Brenton's dramatisation of the story, pauses and all, is cleverly done, though he loses his way a bit in two invented scenes in which high communist party officials discuss the case. 'He's only an artist. Why can't he paint leaves and pagodas?' one asks the other. The problem is that although these characters are shown as subtle and intelligent, even cultured (one likes Mozart, the other doesn't), neither deploys any really powerful arguments. Didn't George Bernard Shaw talk about giving the devil the best tunes? I'm sure there is a real political argument going on in China behind the scenes about the most useful balance between repression and tolerance towards troublemakers like Ai Weiwei, but this play delivers only a pale reflection of it. There are, however, useful hints about the fragility of communist authority, which has completely lost its original ideological underpinnings. The robotic guards in the police station get bored and start playing games on their mobile phones, while the interrogators drop their guard and start discussing noodle recipes with their prisoner. When Ai Weiwei is moved to an army camp, the soldiers guarding him, who know they are being watched but not listened to, start talking with him without moving their lips, and teach him to do the same.
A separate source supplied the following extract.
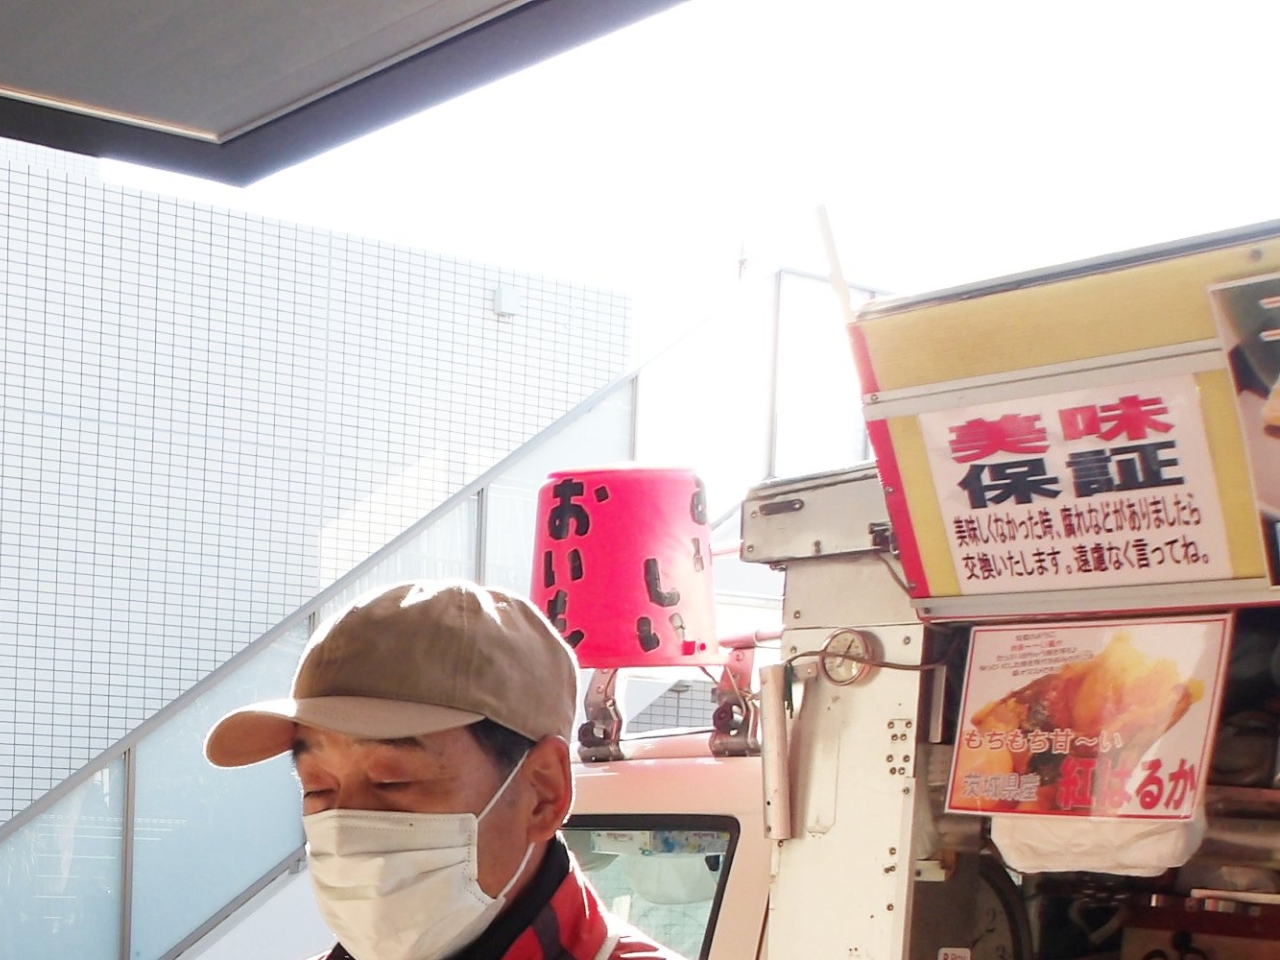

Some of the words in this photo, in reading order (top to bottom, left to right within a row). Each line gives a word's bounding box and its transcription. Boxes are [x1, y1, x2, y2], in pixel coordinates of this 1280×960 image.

Brenton's play doesn't have much to say about Ai Weiwei as an artist, though in a programme interview the playwright makes clear he is a big admirer. This is a play not about art, but about the treatment of an artist. The real strengths of this production lie in the direction by James Macdonald, whose work I have admired ever since I saw his thrilling production of James Joyce's Exiles at the National a few years ago, and in the design by Ashley Martin Davis.
The play takes place in what appears to be an art gallery 'white cube', with a large rectangular crate in the middle and a row of chairs placed on either side. It looks and feels like the eve of a major exhibition, with an artwork about to be unpacked and put on show. Hangers-on take pictures with their mobile phones. The action starts when Ai Weiwei marches on stage carrying hand luggage, and suddenly we're in the passport queue at Beijing airport. The artist is told his trip to Hong Kong may endanger state security, and he's bundled off. The crate opens up into an interrogation room in a police station where the hooded figure of the artist is handcuffed to a chair. In the second half, set in the army base, the room is a white padded cell, swathed in strips of white tape which provide a visual echo of the artist's best known work, the Beijing 'bird's nest' Olympic stadium.
Macdonald and his designer have together given the play using a spare, Brechtian look that finds extra layers of meaning. Ai Weiwei at times makes brief asides to the audience, creating a complicity from the start. At the end of the play a Chinese vase which has been lurking at the back of the stage on a table is suddenly smashed. But the speech the artist makes just before this final incident isn't quite powerful enough to hold the attention. Ai Weiwei is an elliptical artist whose meaning remains wrapped in ambiguity, a bit like his politics.